System zur Wirksamkeit und Zytotoxizität Screening von Inhibitoren Targeting intrazellulärer<em> Mycobacterium tuberculosis</em

Published: April 05, 2017
doi:
10.3791/55273
,
1Department of Medicine,University of British Columbia

Summary

Wir haben für die Entdeckung neuer Verbindungen gegen Mycobacterium tuberculosis ein modulares Hochdurchsatz – Screening – System entwickelt, und die intrazelluläre Targeting-Brühe in Bakterien sowie Zytotoxizität gegen die Säuger – Wirtszelle wächst.

Abstract

Mycobacterium tuberculosis, the causative agent of tuberculosis (TB), is a leading cause of morbidity and mortality worldwide. With the increased spread of multi drug-resistant TB (MDR-TB), there is a real urgency to develop new therapeutic strategies against M. tuberculosis infections. Traditionally, compounds are evaluated based on their antibacterial activity under in vitro growth conditions in broth; however, results are often misleading for intracellular pathogens like M. tuberculosis since in-broth phenotypic screening conditions are significantly different from the actual disease conditions within the human body. Screening for inhibitors that work inside macrophages has been traditionally difficult due to the complexity, variability in infection, and slow replication rate of M. tuberculosis. In this study, we report a new approach to rapidly assess the effectiveness of compounds on the viability of M. tuberculosis in a macrophage infection model. Using a combination of a cytotoxicity assay and an in-broth M. tuberculosis viability assay, we were able to create a screening system that generates a comprehensive analysis of compounds of interest. This system is capable of producing quantitative data at a low cost that is within reach of most labs and yet is highly scalable to fit large industrial settings.

Introduction

Mycobacterium tuberculosis, der Erreger der Tuberkulose (TB) ist eine führende Ursache von Morbidität und Mortalität weltweit. Arzneimittelempfindlichen TB ist eine behandelbare Krankheit, die für einen Zeitraum von 6 Monaten mehr Antibiotika erfordert. Trotz einer behandelbaren Krankheit zu sein, wurde TB Sterblichkeit schätzungsweise 1 1,5 Millionen im Jahr 2015 sein. In den letzten 10 Jahren wurden dort zunehmende Besorgnis über die Verbreitung von arzneimittelresistenten Tuberkulose M.. Mehrfach arzneimittelresistenter Tuberkulose (MDR-TB) als TB definiert, die mindestens Isoniazid (INH) und Rifampicin (RMP) beständig ist, und die meisten MDR-TB-Stämme sind auch resistent second-line TB Medikamente auszuwählen, wodurch Behandlungsoptionen Zu . Die Auswirkungen von Medikamentenresistenz eine größere Herausforderung für die Behandlung von Patienten schaffen-Koinfektion mit Human Immunodeficiency Virus (HIV); 400.000 Patienten starben weltweit von HIV-assoziierten TB im Jahr 2015 1. Enttäuschend, den Vereinigten Staaten Food and Drug AdministRation hat nur eine neues TB – Medikament gegen MDR-TB, Bedaquilin, in den letzten 40 Jahren 2 genehmigt. Die Fortschritte bei der Suche nach besseren und kürzeren TB-Therapien sind dringend erforderlich, um vorne zu bleiben im Kampf gegen TB und MDR-TB.

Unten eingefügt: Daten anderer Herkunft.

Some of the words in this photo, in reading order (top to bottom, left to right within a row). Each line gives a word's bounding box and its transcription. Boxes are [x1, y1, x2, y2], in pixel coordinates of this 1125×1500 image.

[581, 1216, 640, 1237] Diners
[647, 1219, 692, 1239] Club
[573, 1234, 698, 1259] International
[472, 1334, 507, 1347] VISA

Traditionell TB Arzneimittel Bildschirme sind unter in vitro – Wachstumsbedingungen in einem Wachstumsmedium durchgeführt, wobei Verbindungen zu einer wachsenden Kultur und ihre Wirksamkeit hinzugefügt werden die Mikroorganismen bei der Beseitigung der durch Zählen koloniebildenden Einheiten (CFU) auf einem festen Medium bestimmt. Als Keimzahlen arbeitsintensiv, zeitraubend und teuer werden verschiedene indirekte Methoden, um dieses Problem zu lindern entwickelt. Solche Verfahren umfassen die Lebensfähigkeit Alamar – Blau – Assay 3, die Bestimmung der Fluoreszenz 4 von grün fluoreszierendem Protein (GFP) oder Lumineszenz 5 von Luciferase-exprimierenden Bakterien, und die Schätzung der Gesamt Adenosintriphosphat (ATP) 6, 7.

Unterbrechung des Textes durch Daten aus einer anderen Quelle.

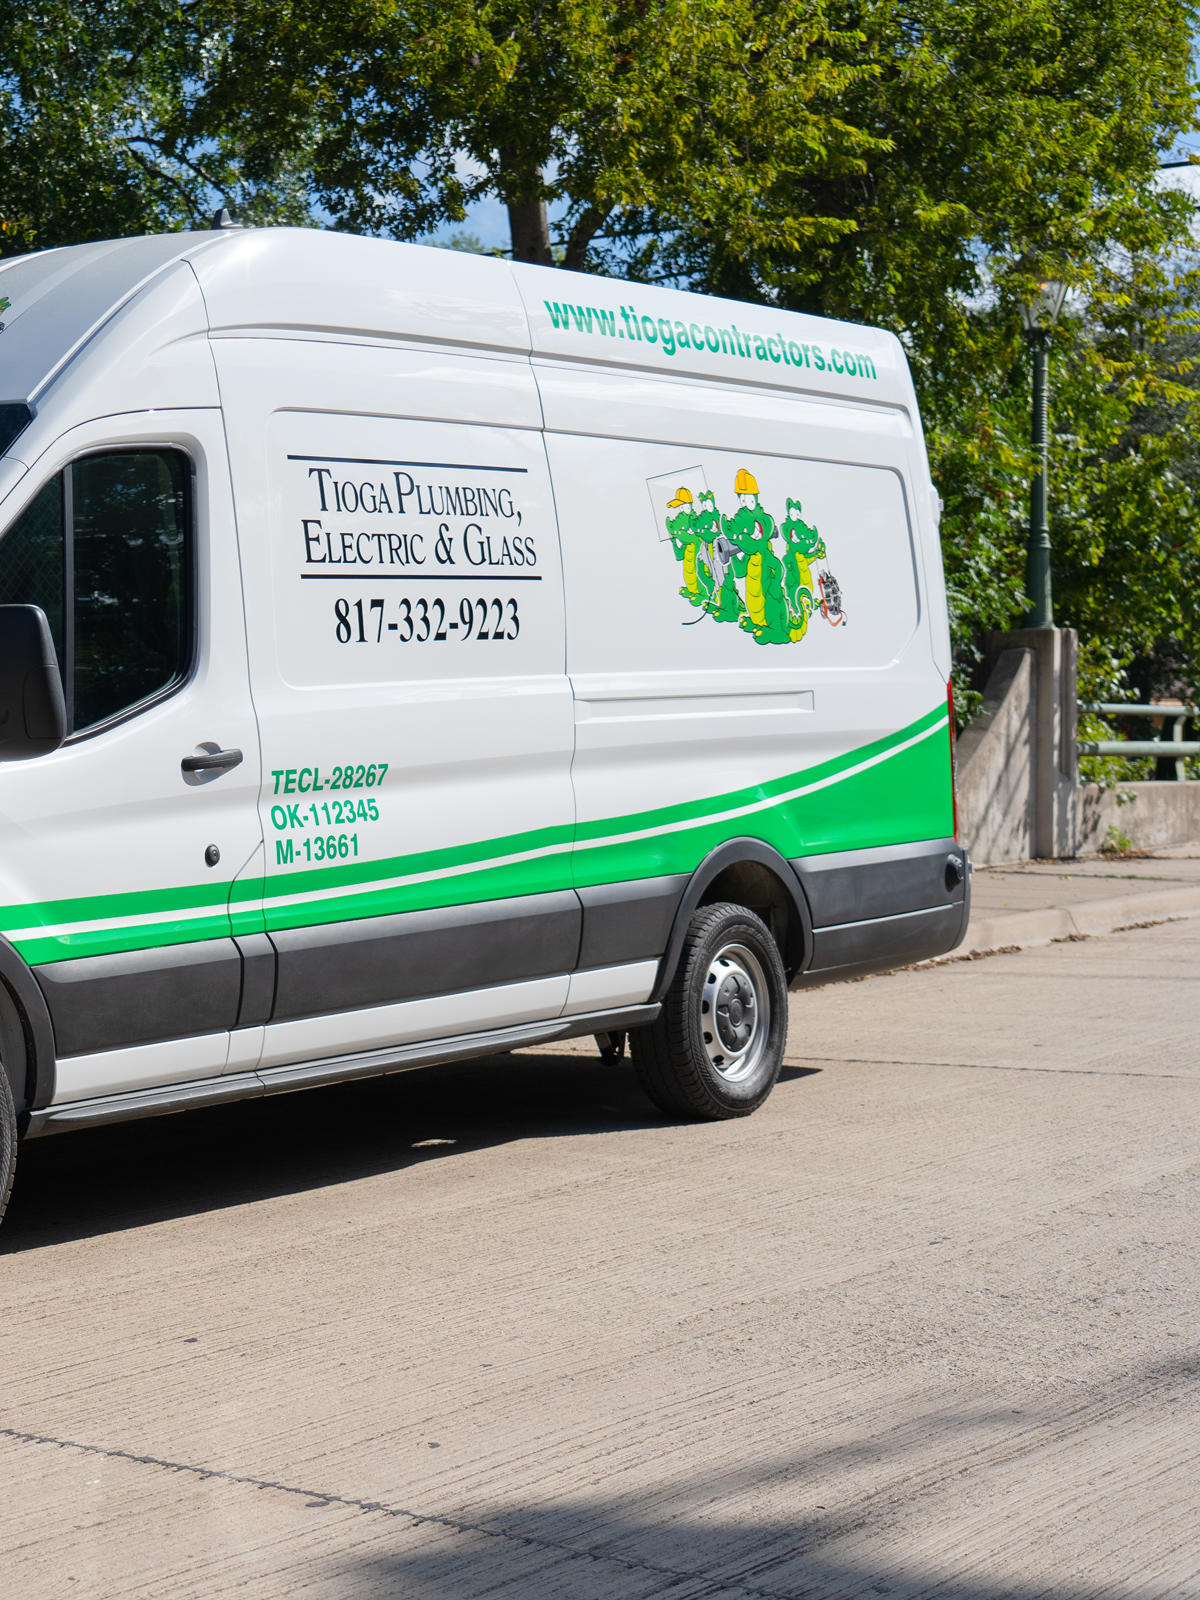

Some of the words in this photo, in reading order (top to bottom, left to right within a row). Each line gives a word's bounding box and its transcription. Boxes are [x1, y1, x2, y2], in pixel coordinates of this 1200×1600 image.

[543, 300, 878, 380] www.tiogacontractors.com
[434, 522, 456, 566] &
[334, 597, 520, 644] 817-332-9223
[271, 763, 389, 795] TECL-28267
[270, 798, 380, 830] OK-112345
[275, 833, 359, 865] M-13661

Typische TB wird durch eine Infektion mit M. tuberculosis der Lunge charakterisiert, in dem sich die Bakterien befinden , und im Inneren der Phagosomen von Alveolarmakrophagen 8 nachzubilden. Die einfache in-Brühe kann phänotypische Bildschirm extrazelluläre Erreger passen; jedoch in der historischen Perspektive getroffen Verbindungen gegen M. tuberculosis diese Methode oft identifiziert verwenden , nicht die Erwartungen bei der nachgeschalteten Validierungsschritten in Infektionsmodellen zu entsprechen . Wir schlagen vor, dass TB Medikament am besten in einem intrazellulären Wirtszelle Infektionsmodell durchgeführt wird. Dennoch besitzen die intrazelluläre Modelle viele technologische und biologische Barrieren für Hochdurchsatz-Screening (HTS) Entwicklung. Eine große Hürde ist die Komplexität des Infektionsprozesses, beispielhaft durch zahlreiche Schritte und die aufwendigen Entfernung von extrazellulären Bakterien, die durch in-zwischen dem Waschen. Eine zweite große Hürde ist die lange Zeit rederungen, als Wachstumserkennung erfolgt normalerweise durch Zählen CFU auf Kulturplatten, ist ein Prozess, vervollständigen über 3 Wochen dauert. Eine Lösung für CFU Zählungen ersetzt wurde durch automatisiertes Fluoreszenz-Mikroskopie in Kombination mit fluoreszierenden Bakterien bereitgestellt. Jedoch erfordert diese Lösung eine Erstausrüstung Investition, die für viele Forschungslabors außer Reichweite ist. Eine einfache, kostengünstige und krankheitsrelevanten HTS Verfahren würde die Drug Discovery-Prozess erheblich verbessern.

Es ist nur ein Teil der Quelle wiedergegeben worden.